Tout à la fois figurant dans un parc à thème historique
figé en 1764, en tant que domestique, drogué du sexe se
soignant par des thérapies collectives (qui lui permettent surtout,
avant l'ouverture de chaque séance, de batifoler dans l'un ou
l'autre placard à balais avec une autre "sexoolique"), fils aimant
et dévoué à une mère qui ne le reconnaît
plus, atteinte d'Alzheimer, et le prenant pour un de ses avocats, du temps
où elle était régulièrement condamnée pour
des délits protestataires à l'encontre de la
société. L'ironie étant que si elle ne reconnaît
pas Victor aujourd'hui, elle l'a kidnappé maintes fois quand il
était enfant, de toute une série de famille d'accueil à
qui il était confié. Pour payer ses soins très coûteux,
il a aussi mis au point une tactique qui lui a fait transformer des dizaines de personnes en
héros: dans divers restaurants, qu'il liste méthodiquement, il
fait mine de s'étouffer, afin de se faire sauver par un client.
Jouant sur le sentimentalismen des gens, qui veut qu'ils se sentent
responsables de lui après lui avoir sauver la vie, il se les attache
pour qu'ils l'aident ensuite financièrement. Son meilleur ami et
collègue Denny n'est pas en reste: lui aussi
sexoolique, va magnifier par des dessins les paumées qu'ils vont
voir danser dans les boîtes de strip, et collectionne les grandes
pierres, qu'il transporte comme si elles étaient des
bébés...
Vous l'aurez compris, ce n'est pas un roman conventionnel, il est
décalé, il y a beaucoup d'ironie et d'humour noir, pour juger
de manière percutante des travers et excès de la
société. On passe du présent au passé de Victor,
lors des cavales avec sa mère, et ces passages sont parmi mes
préférés. Le style est parfois un peu "dur", pas
toujours linéaire, ce qui m'a parfois rendu l'attention difficile.

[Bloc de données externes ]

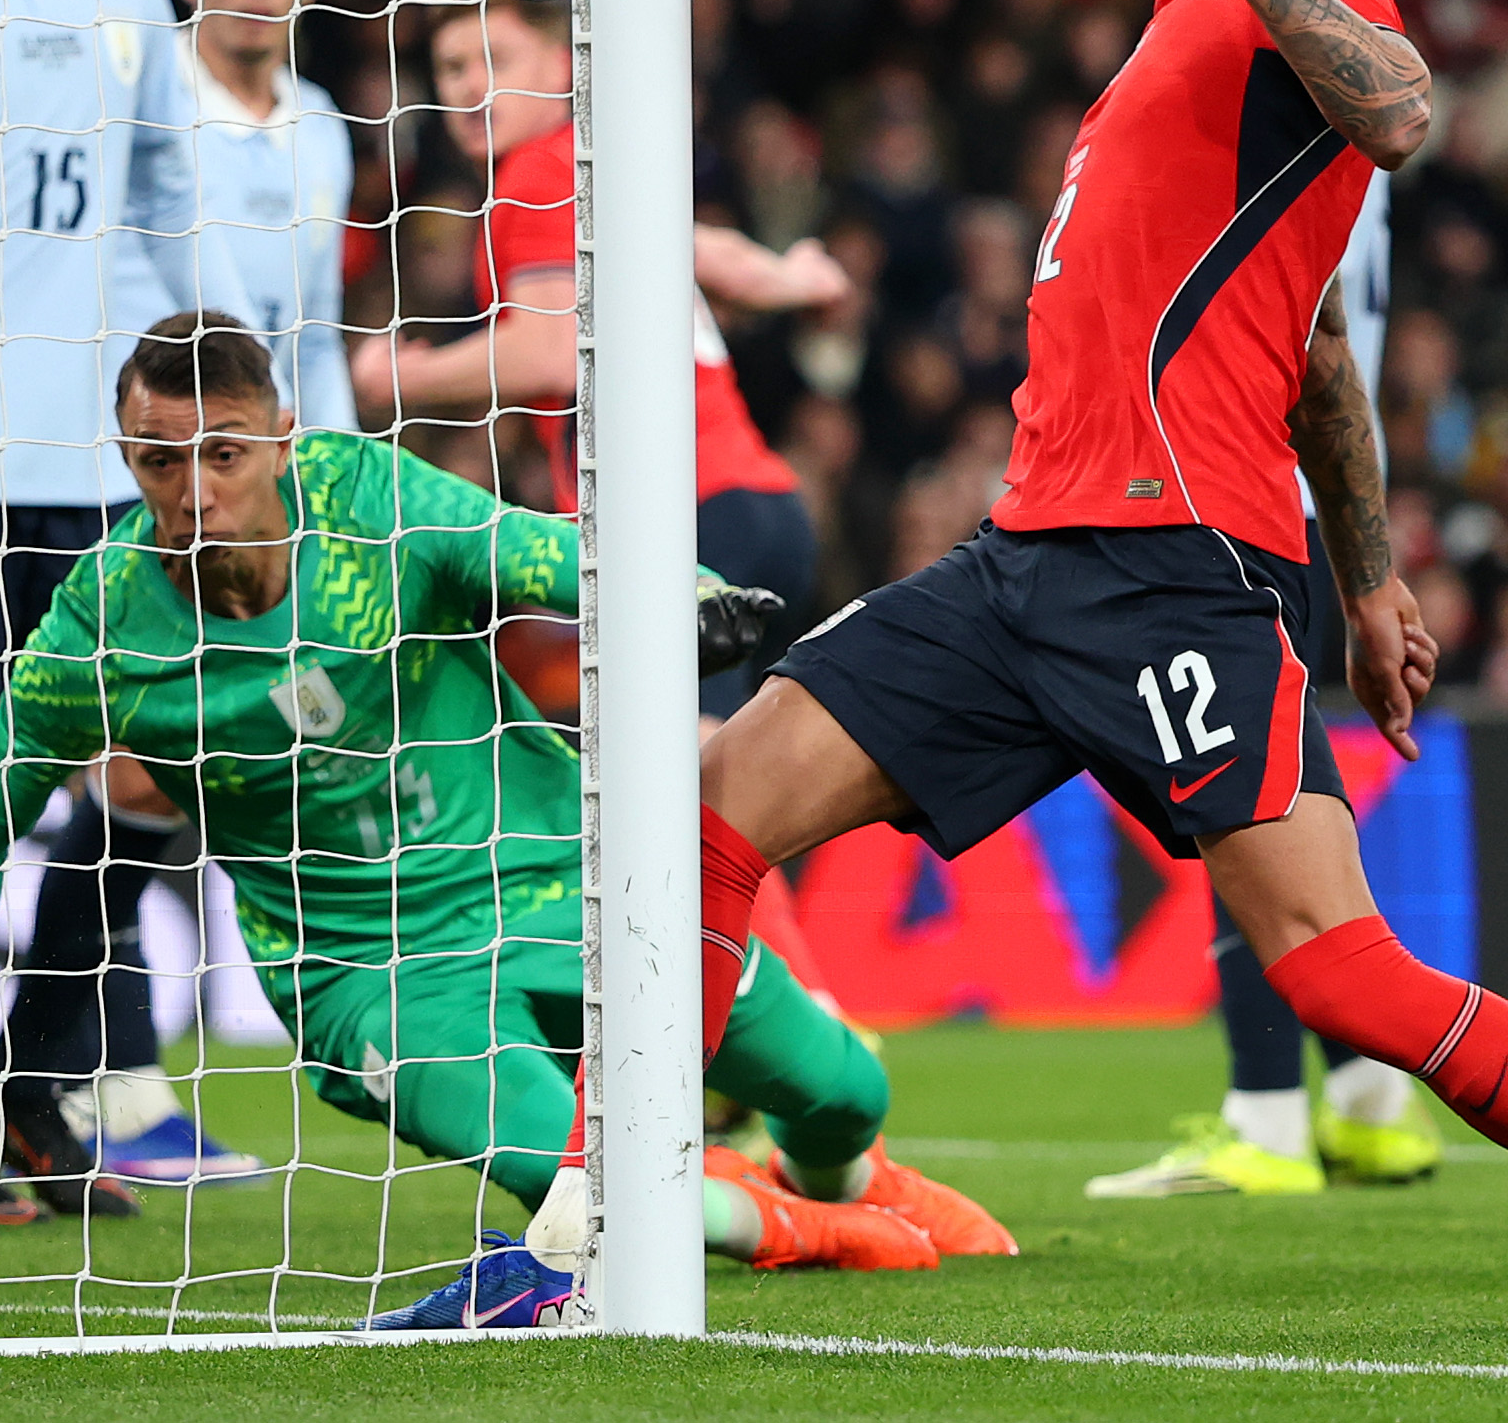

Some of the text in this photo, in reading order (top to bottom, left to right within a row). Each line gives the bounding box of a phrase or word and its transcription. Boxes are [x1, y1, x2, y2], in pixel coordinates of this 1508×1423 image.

[27, 147, 86, 232] 15
[1035, 181, 1079, 283] 2
[1136, 649, 1236, 764] 12
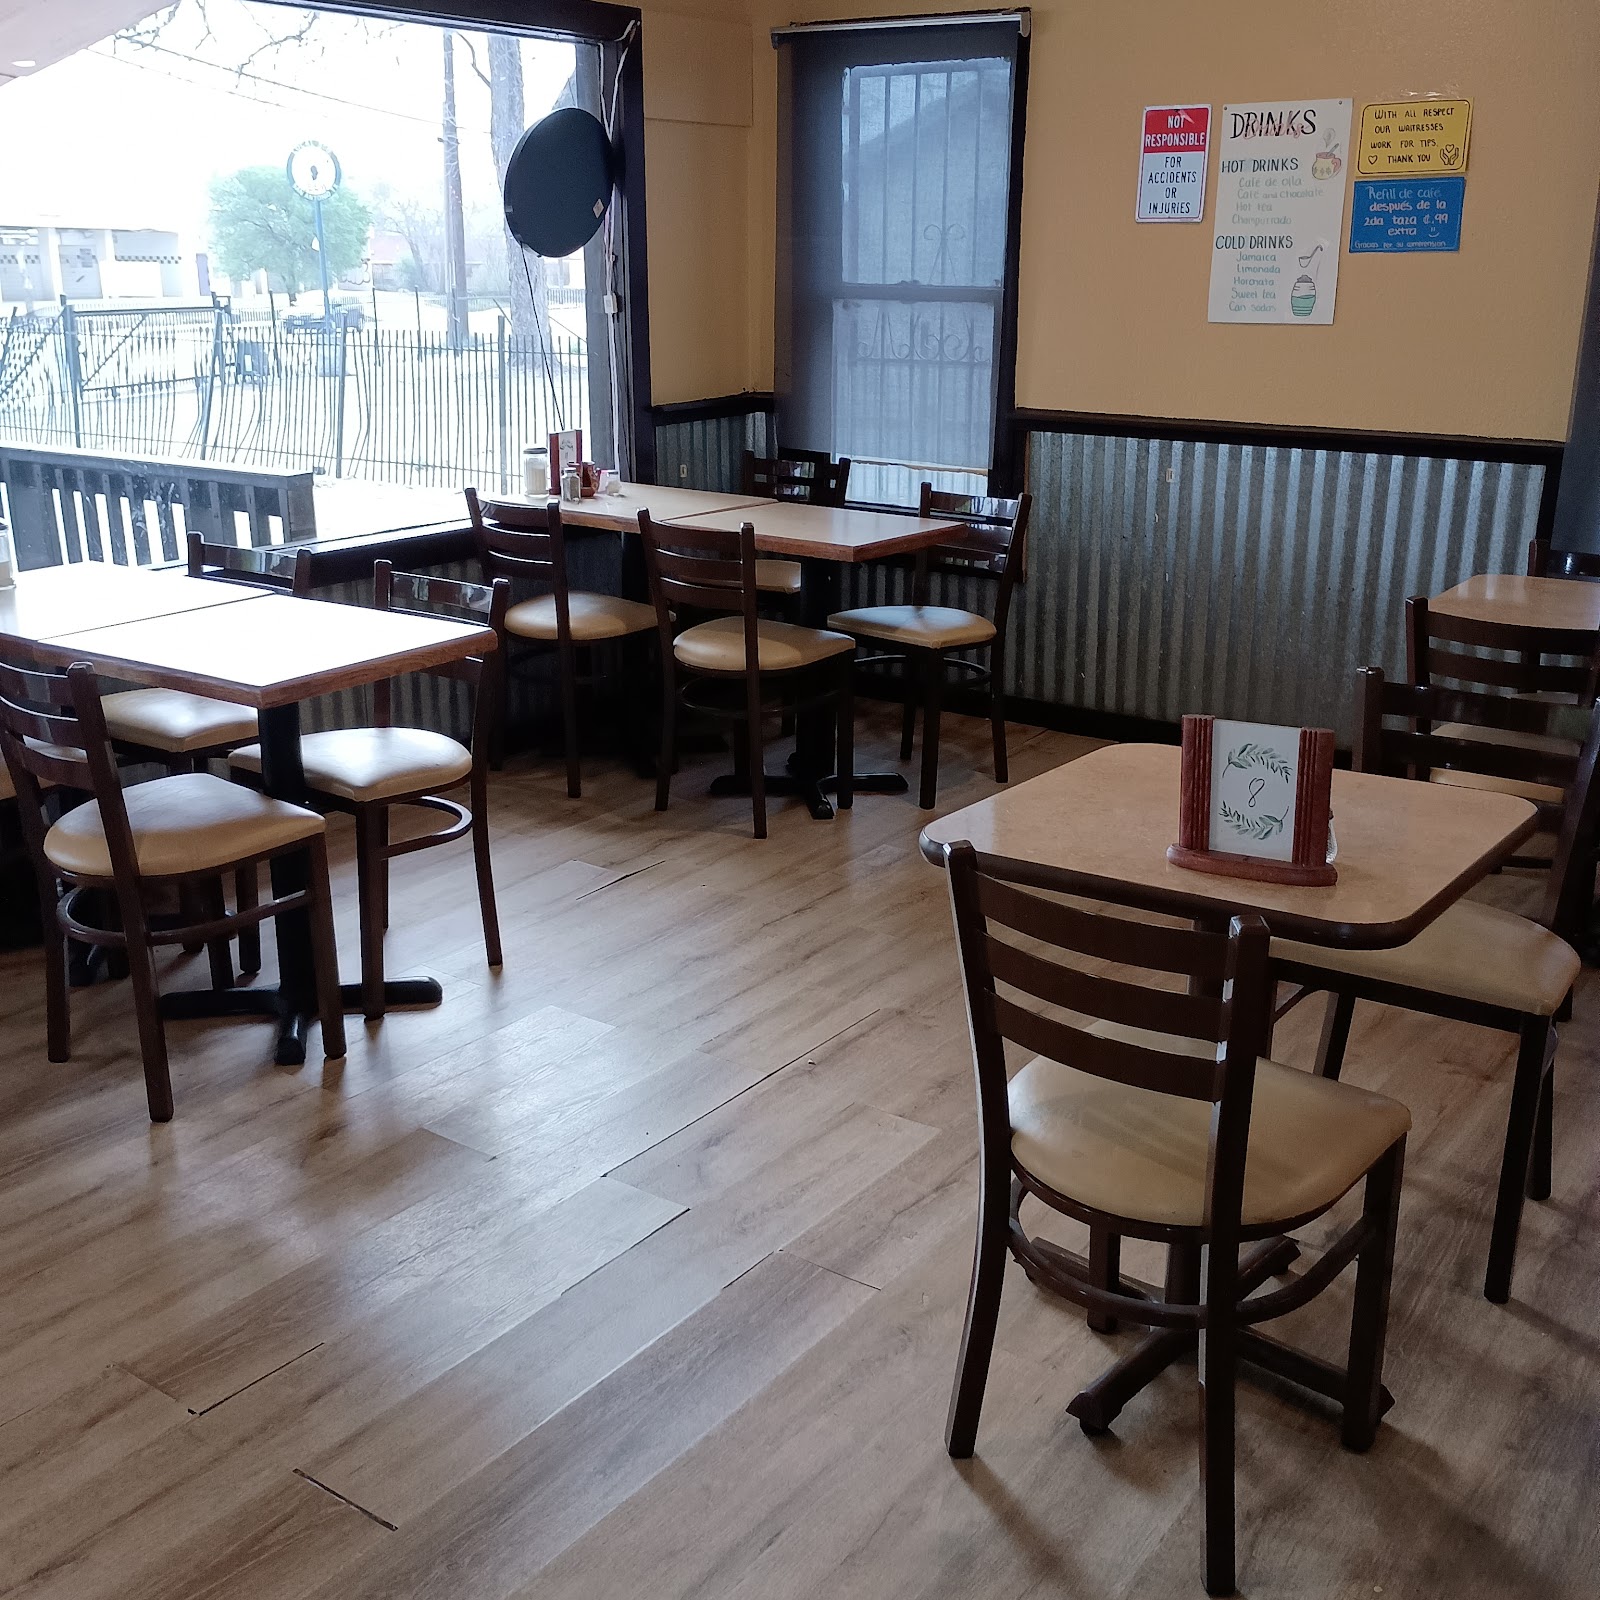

Chuck Palahniuk a lui-même participé à des groupes d'entraides
(bénévole pour accompagner des jeunes sidaïques et
cancéreux), avoue avoir écrit d'abord pour faire comme sa
soeur quand il était enfant.
Son premier roman, écrit en trois mois, est Fight Club. Il ne
connaîtra pas un succès immédiat, mais sera vraiment
connu pour son adaptation par David Fincher.